## [What is required]
An exact transcript of every entry is required, without any of the pictures.

## [Extracted records]
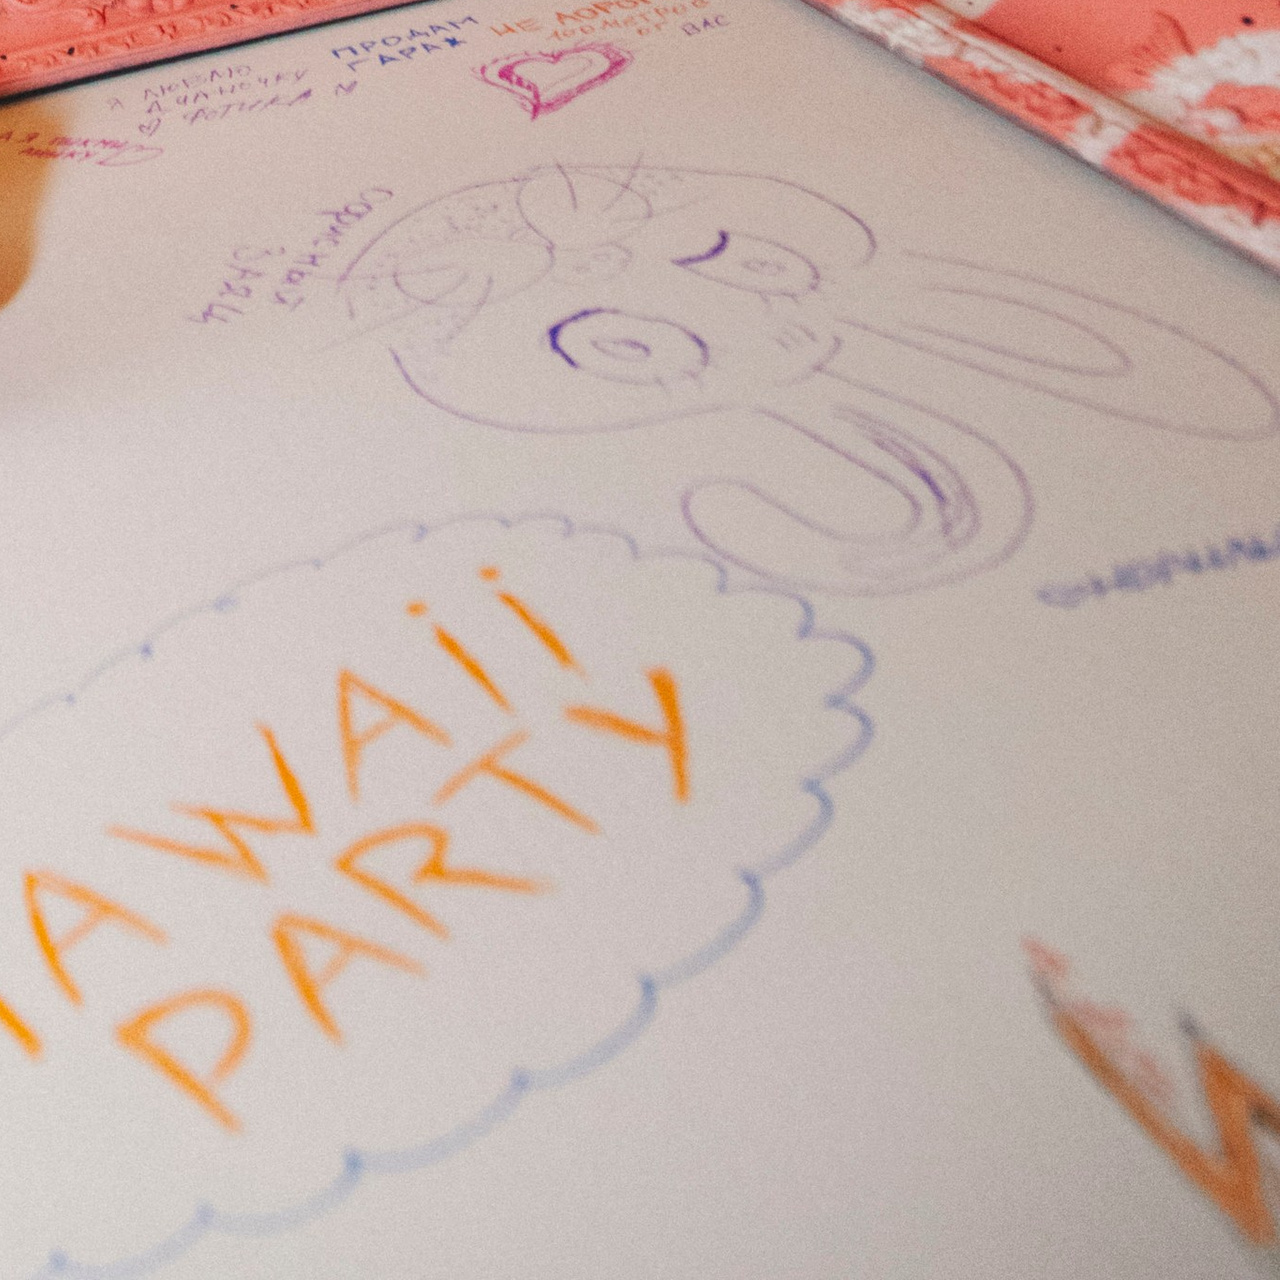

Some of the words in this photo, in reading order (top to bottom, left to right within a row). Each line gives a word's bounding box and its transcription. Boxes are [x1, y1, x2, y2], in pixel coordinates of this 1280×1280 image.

[330, 14, 479, 59] ПРОДАМ
[489, 17, 542, 38] НЕ
[346, 35, 467, 72] ГАРАЖ
[115, 667, 690, 1132] PARTY
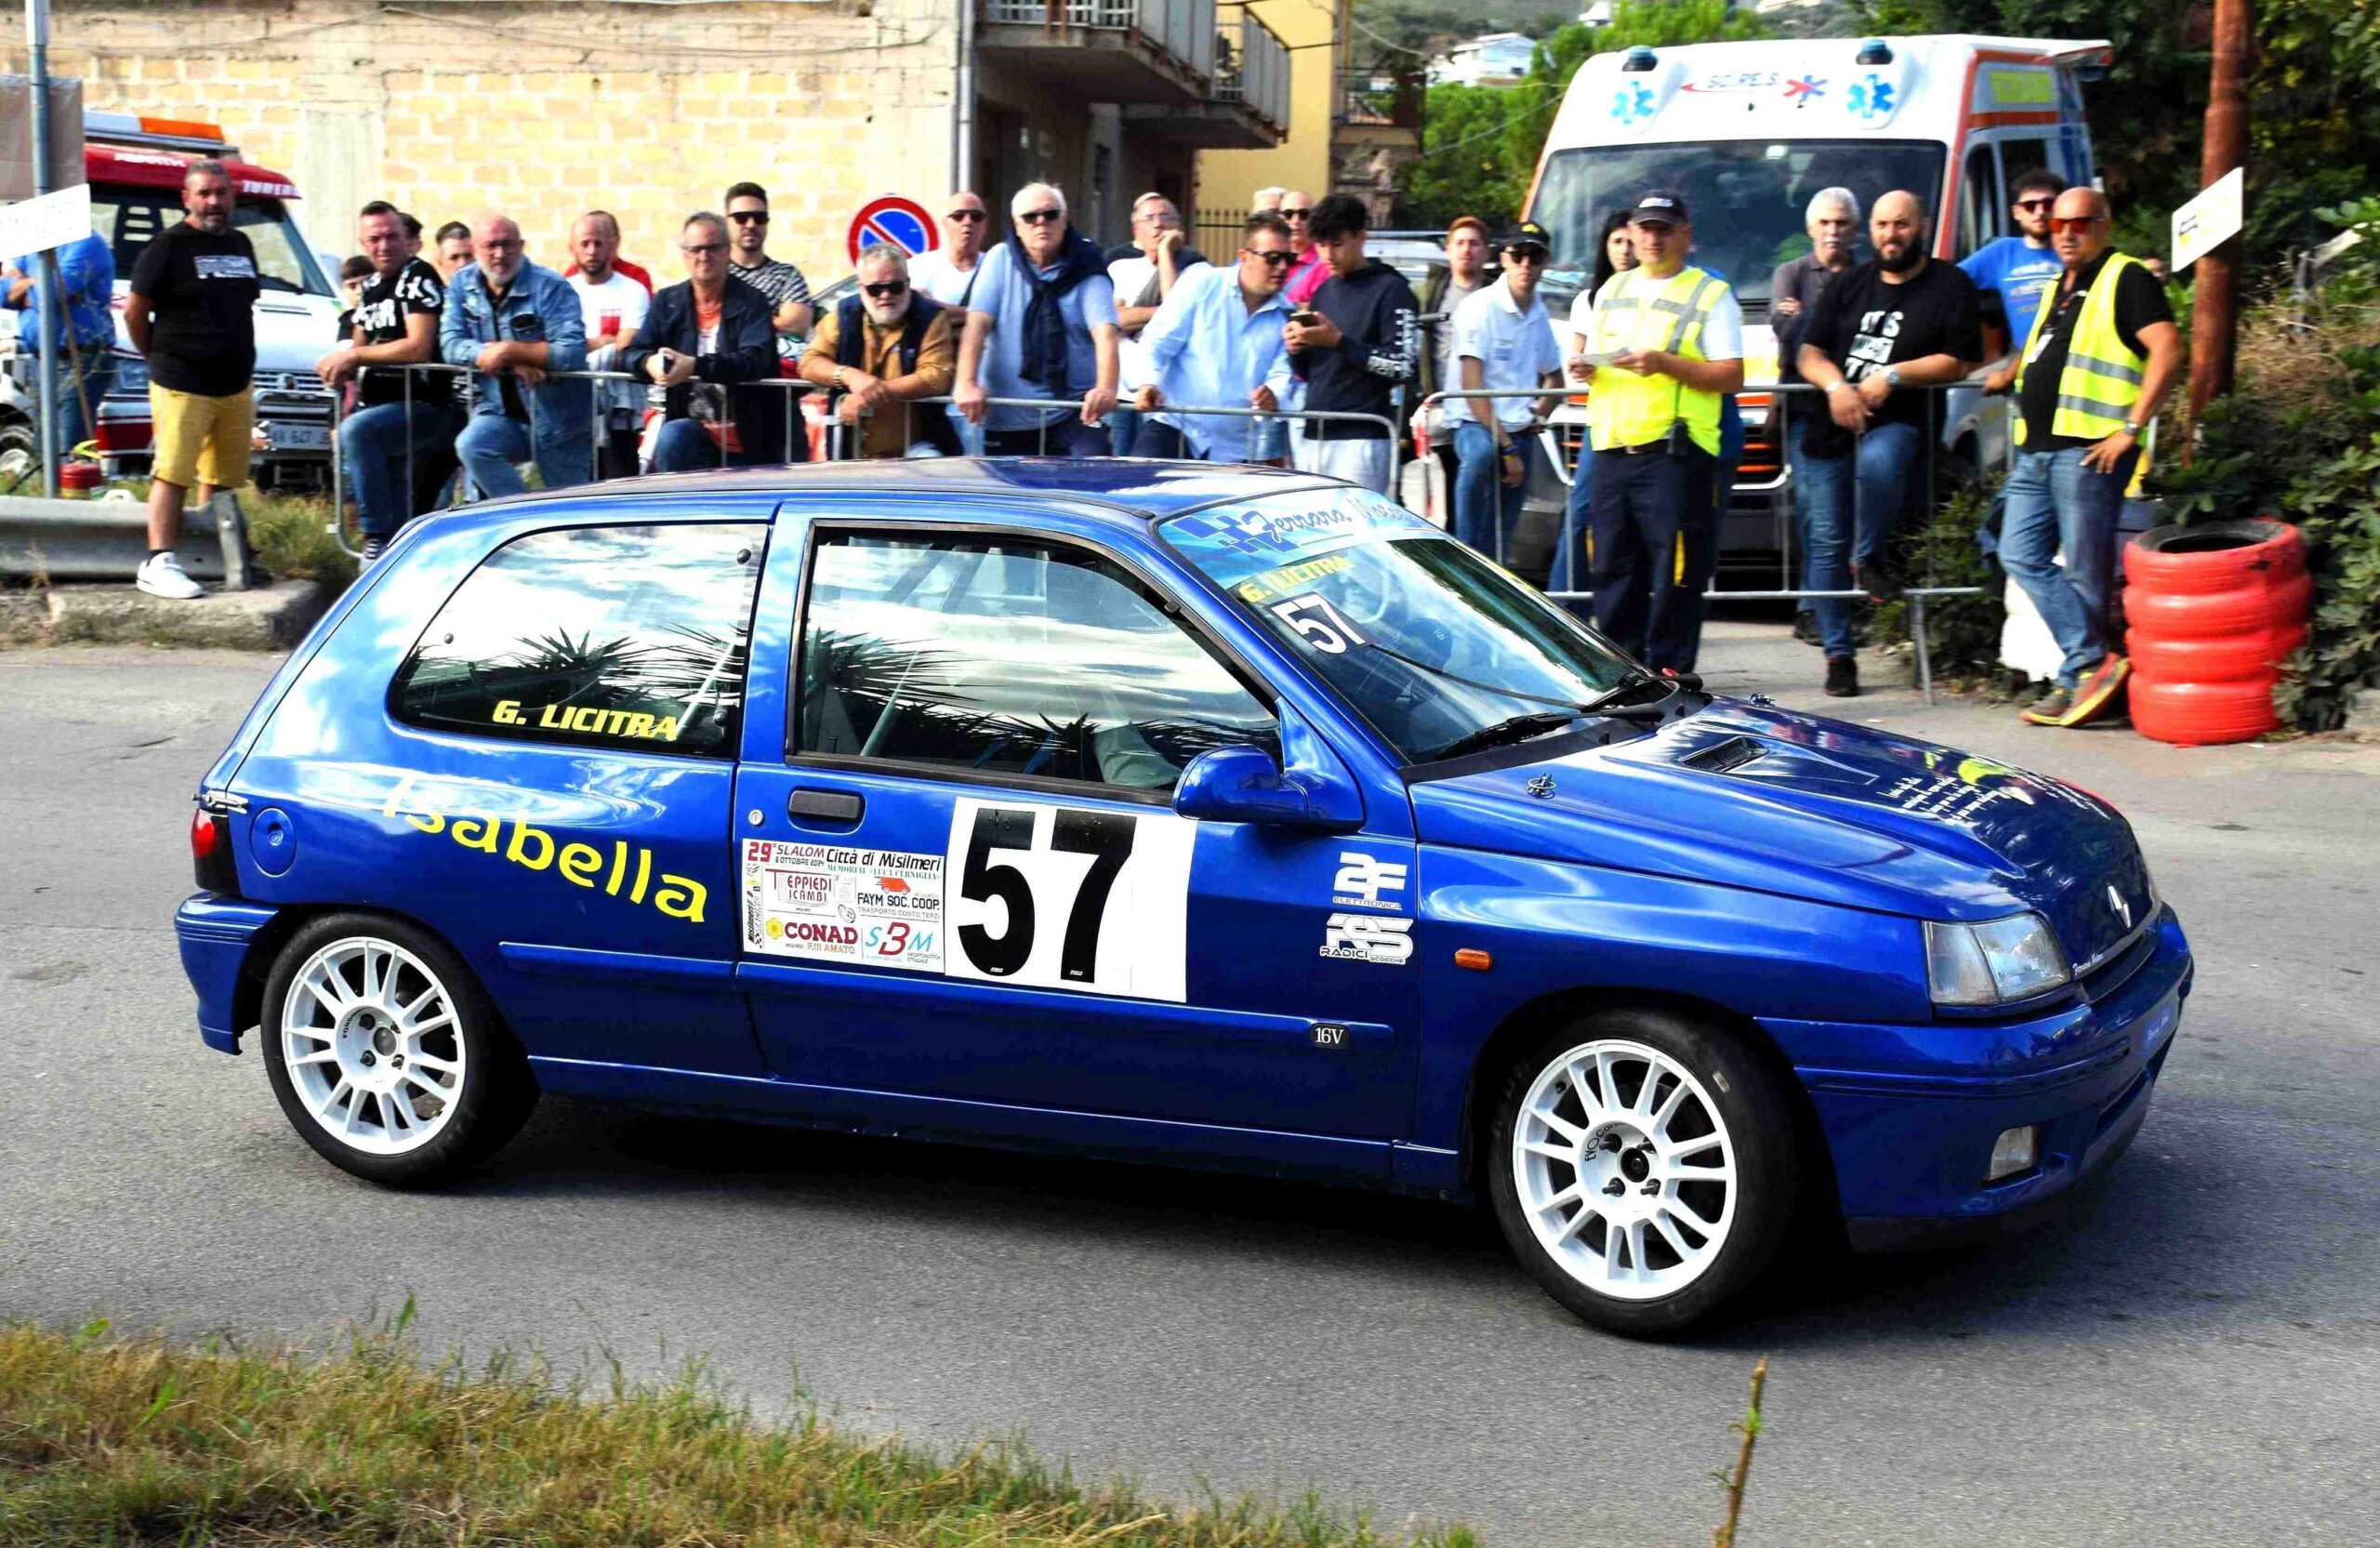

## [Answer section]
Some of the words in this photo, in reading order (top to bottom, left to right within a row). Each line gives a word's bounding box and its transcription. Boxes are [x1, y1, x2, y2], in pixel coordinates of this 1280×1280 image.

[330, 14, 479, 59] ПРОДАМ
[489, 17, 542, 38] НЕ
[346, 35, 467, 72] ГАРАЖ
[115, 667, 690, 1132] PARTY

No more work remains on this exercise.